▸ **Supplied entries**:
▬▬▬▬▬▬▬▬▬▬
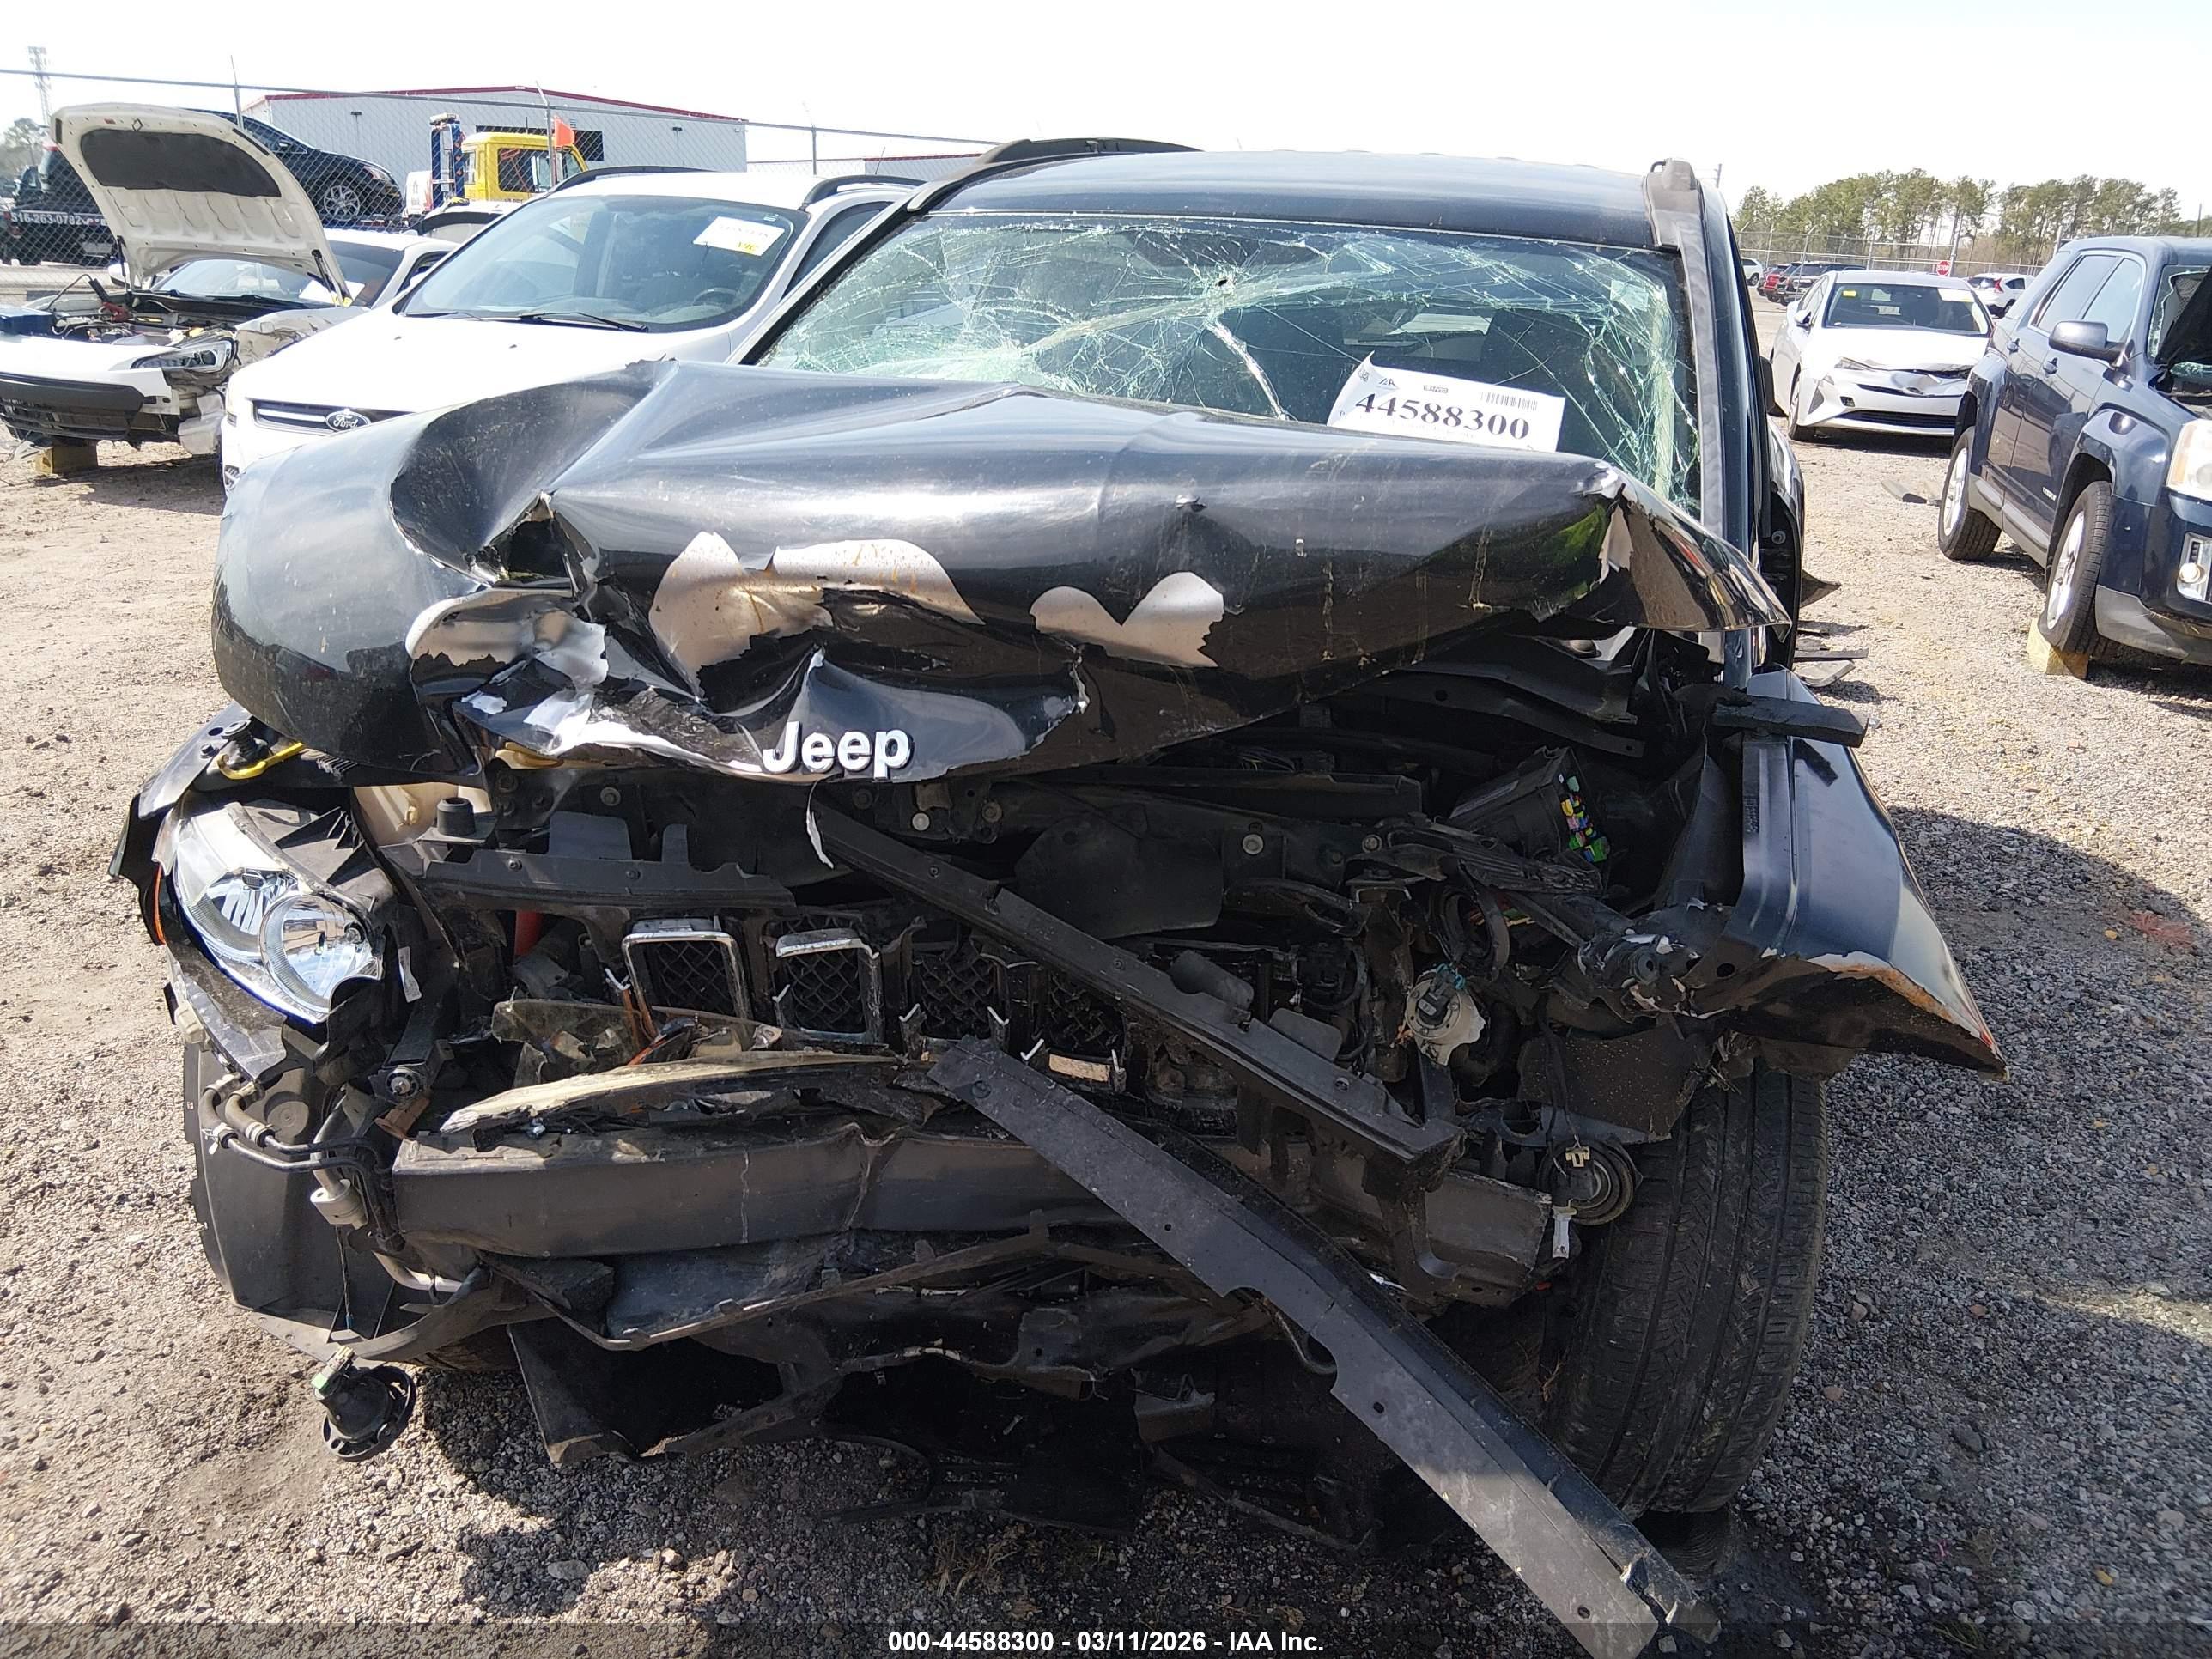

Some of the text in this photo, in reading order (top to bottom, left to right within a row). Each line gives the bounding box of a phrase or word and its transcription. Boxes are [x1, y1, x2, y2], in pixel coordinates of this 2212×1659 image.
▬▬▬▬▬▬▬▬▬▬
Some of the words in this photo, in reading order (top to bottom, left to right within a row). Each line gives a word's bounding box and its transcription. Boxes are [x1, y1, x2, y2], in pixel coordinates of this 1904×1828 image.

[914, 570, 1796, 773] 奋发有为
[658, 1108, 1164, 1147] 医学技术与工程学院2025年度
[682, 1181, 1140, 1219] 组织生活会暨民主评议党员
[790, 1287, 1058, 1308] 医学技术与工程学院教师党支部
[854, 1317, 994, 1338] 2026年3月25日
▬▬▬▬▬▬▬▬▬▬
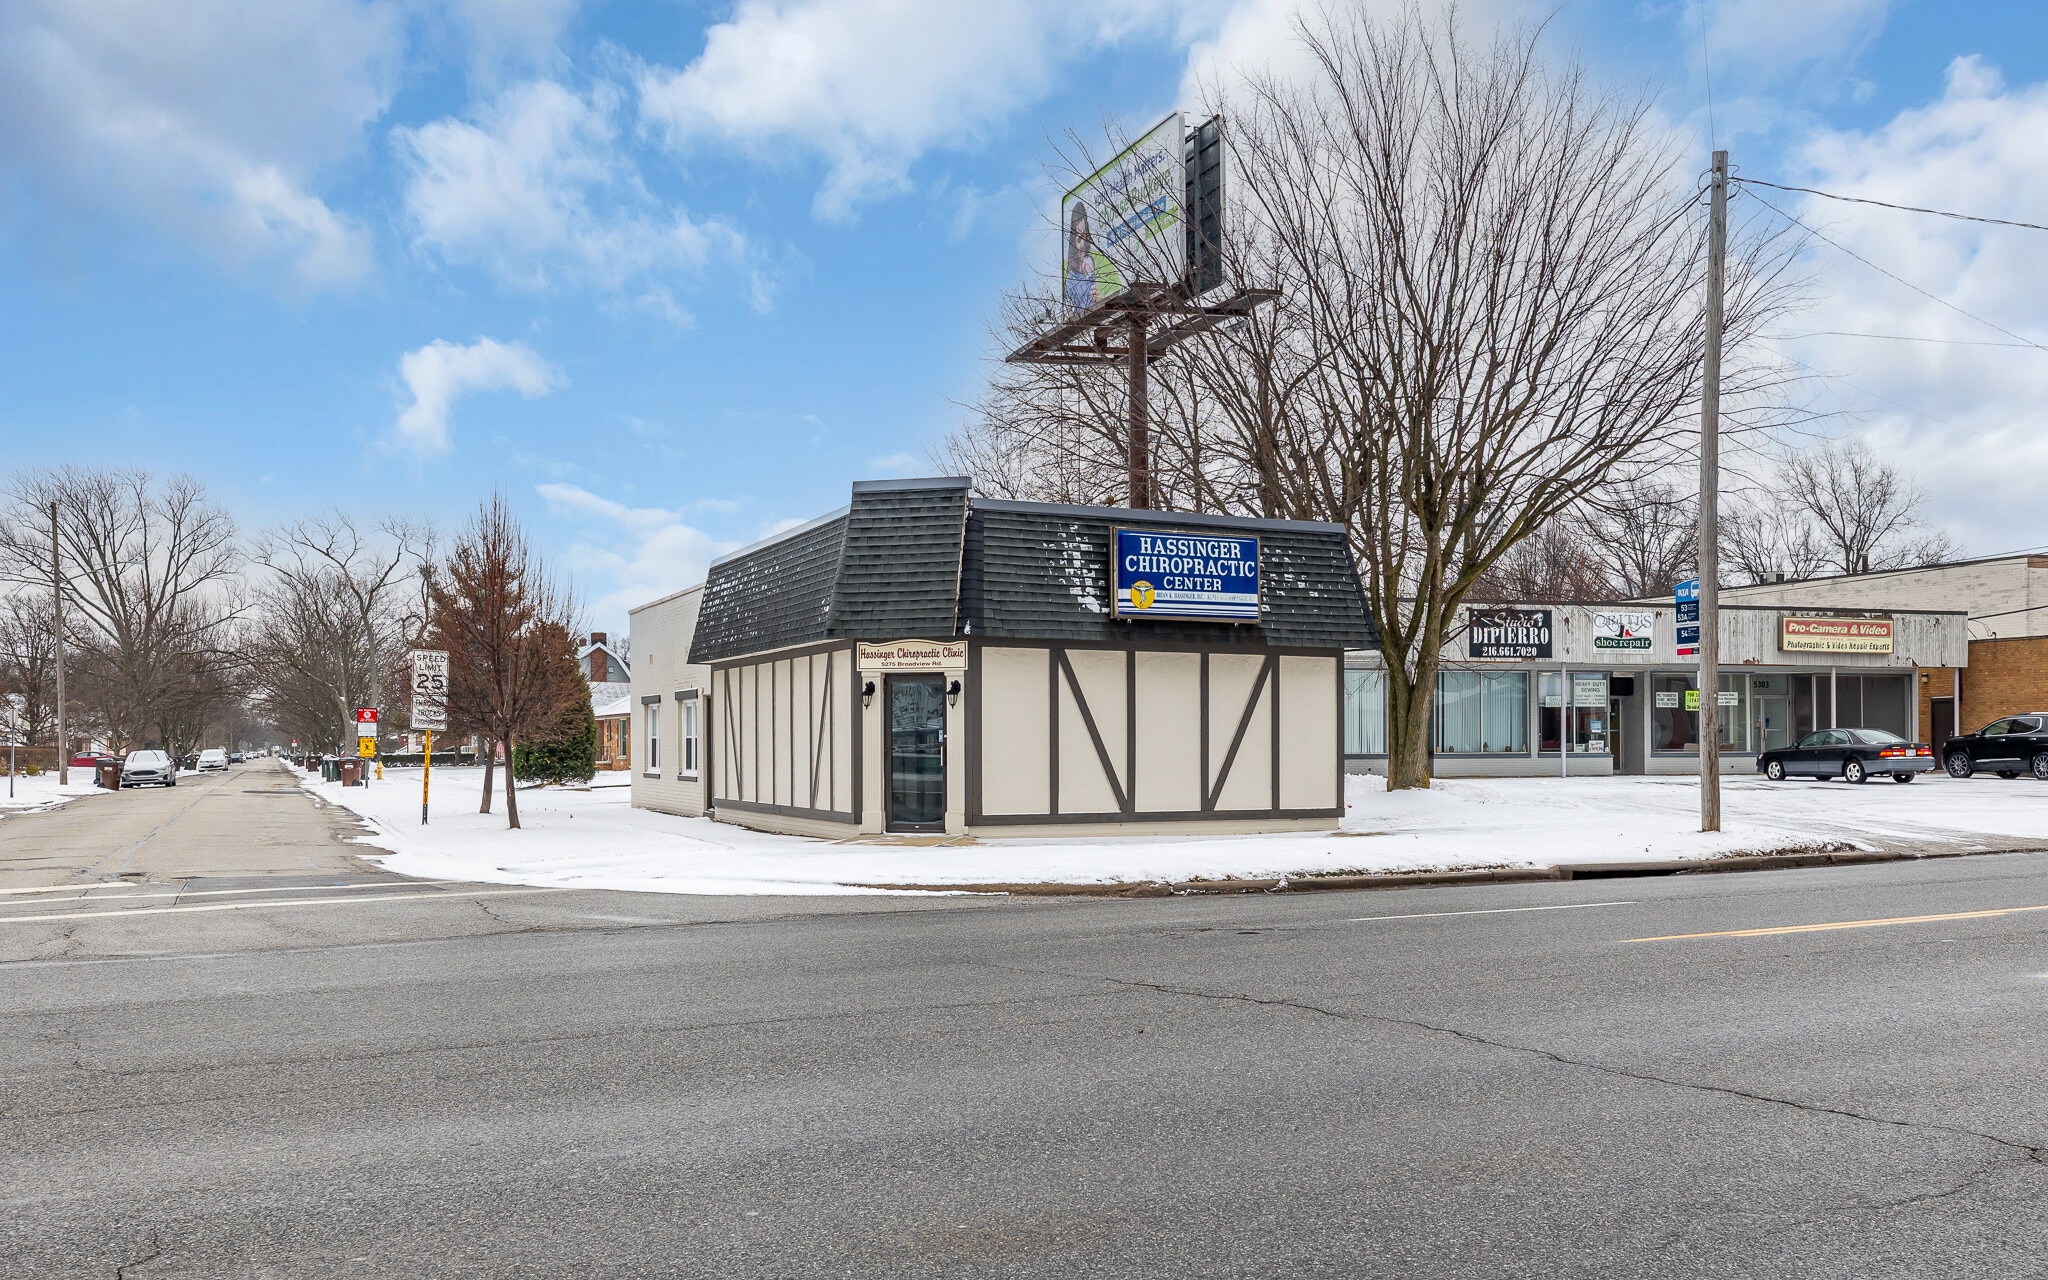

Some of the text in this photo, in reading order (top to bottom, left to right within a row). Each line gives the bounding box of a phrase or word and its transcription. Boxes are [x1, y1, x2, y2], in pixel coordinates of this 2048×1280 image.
▬▬▬▬▬▬▬▬▬▬
▸ **Exercise instructions**: Write the number of lines in the data above that contain the word "phrase", and add nothing to it.

▸ **Problem solution**: 2